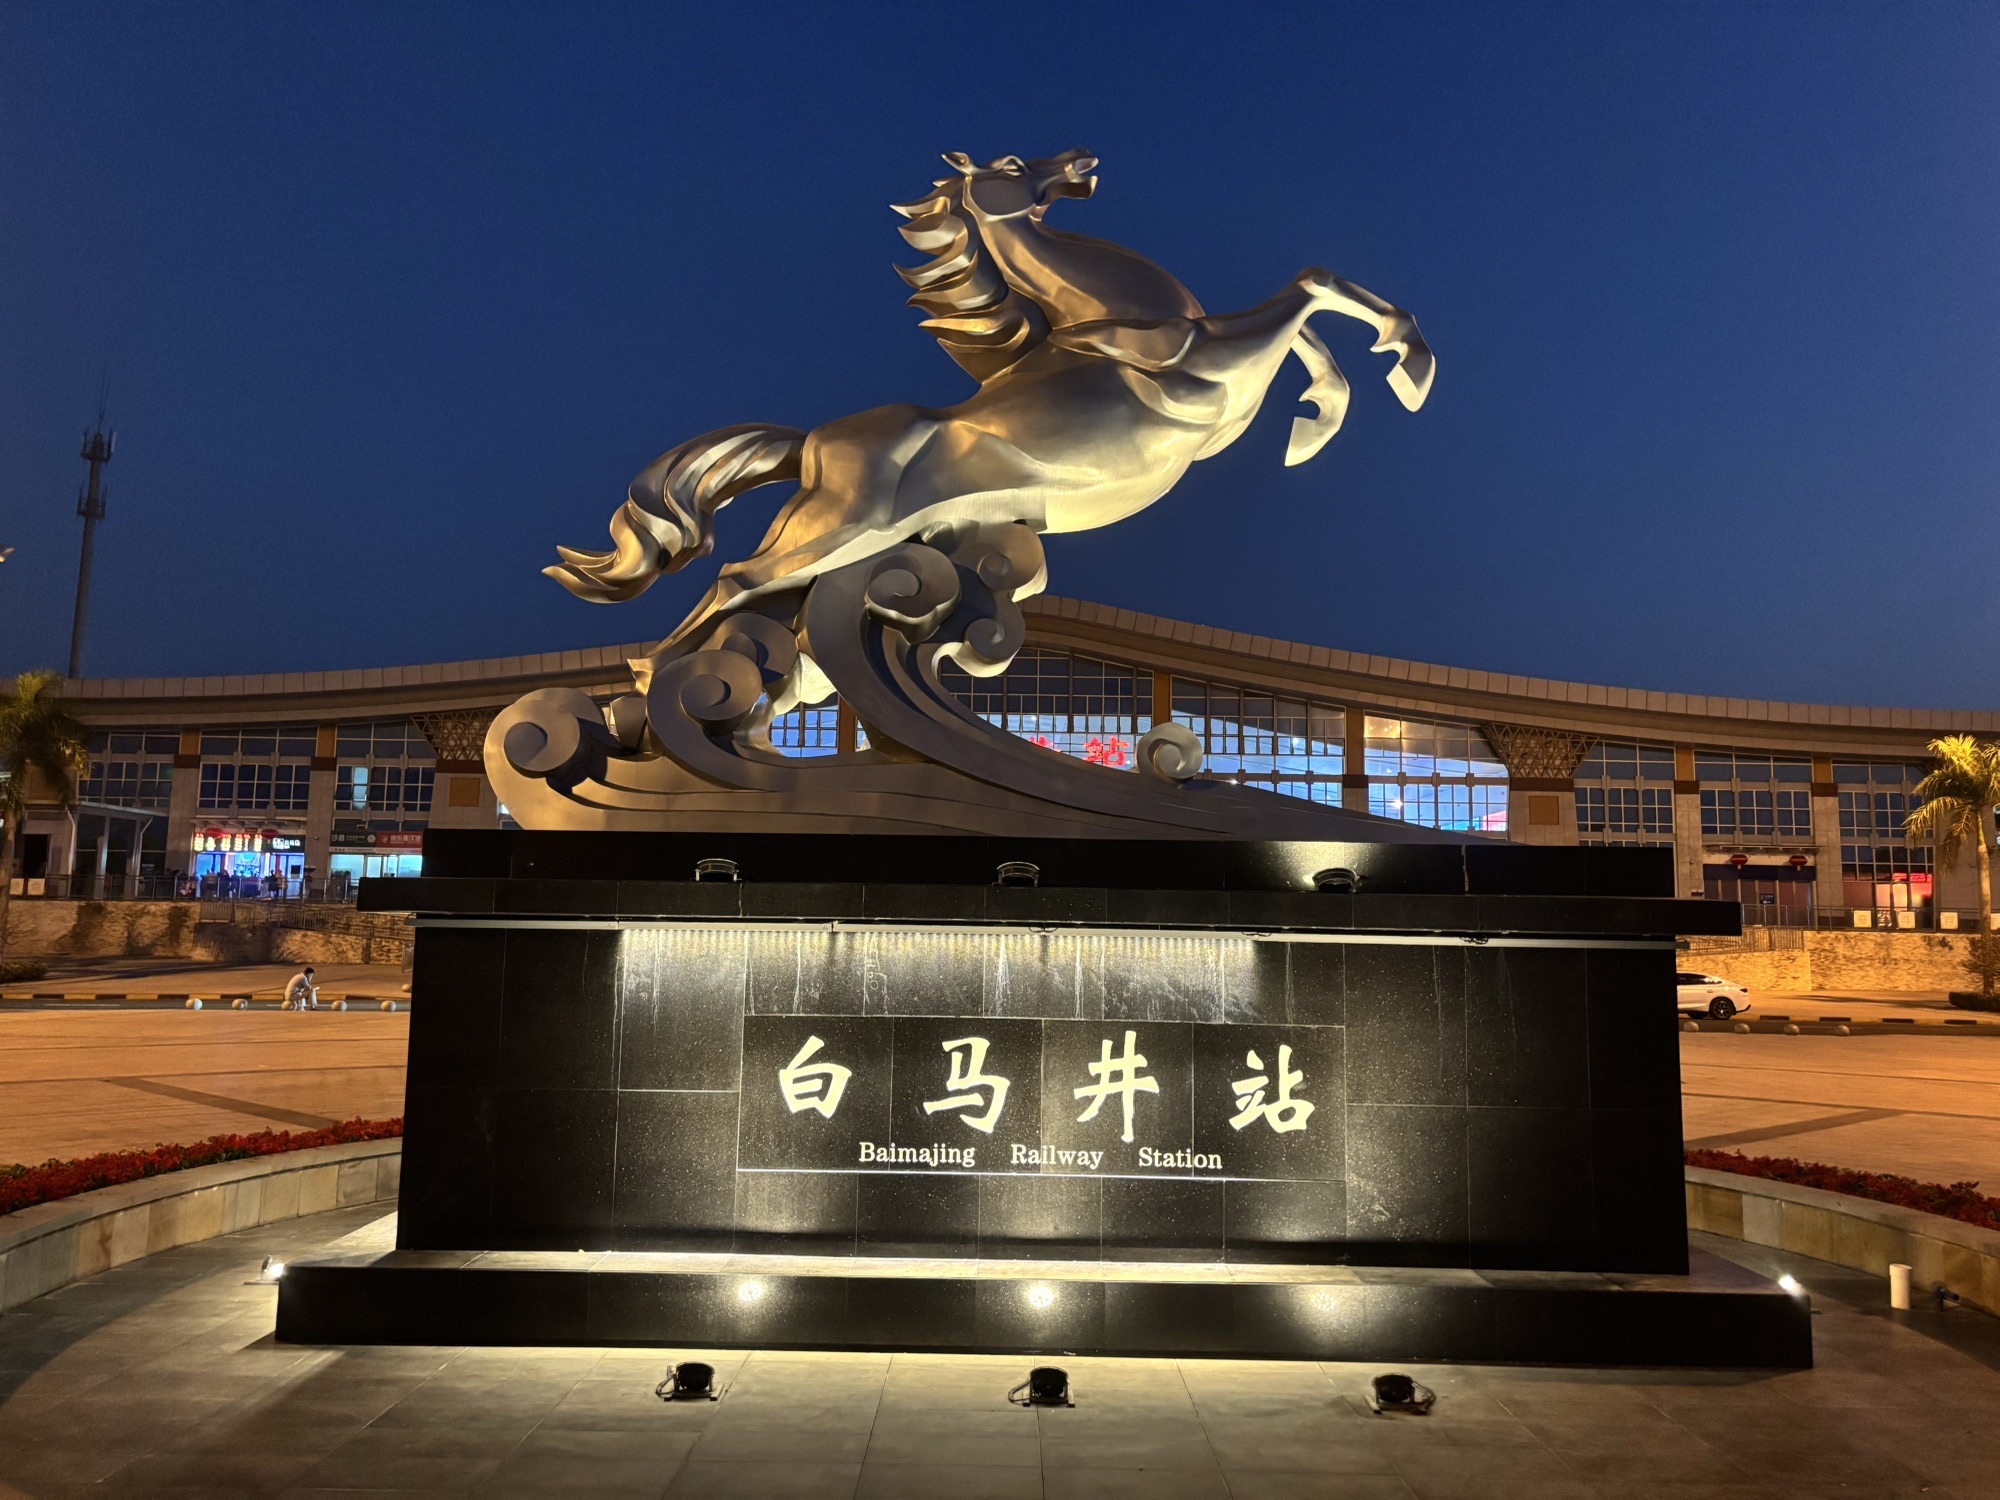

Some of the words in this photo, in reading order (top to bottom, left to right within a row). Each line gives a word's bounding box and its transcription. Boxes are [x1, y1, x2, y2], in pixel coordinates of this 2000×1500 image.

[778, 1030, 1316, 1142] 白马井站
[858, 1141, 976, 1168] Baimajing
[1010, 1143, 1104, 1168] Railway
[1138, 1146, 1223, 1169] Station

• **WORK REQUIRED**
Without the images, output all the entries exactly as they stand.

• **RESULT OF THIS TASK**
Some of the words in this photo, in reading order (top to bottom, left to right within a row). Each line gives a word's bounding box and its transcription. Boxes are [x1, y1, x2, y2], in pixel coordinates of this 2000×1500 image.

[778, 1030, 1316, 1142] 白马井站
[858, 1141, 976, 1168] Baimajing
[1010, 1143, 1104, 1168] Railway
[1138, 1146, 1223, 1169] Station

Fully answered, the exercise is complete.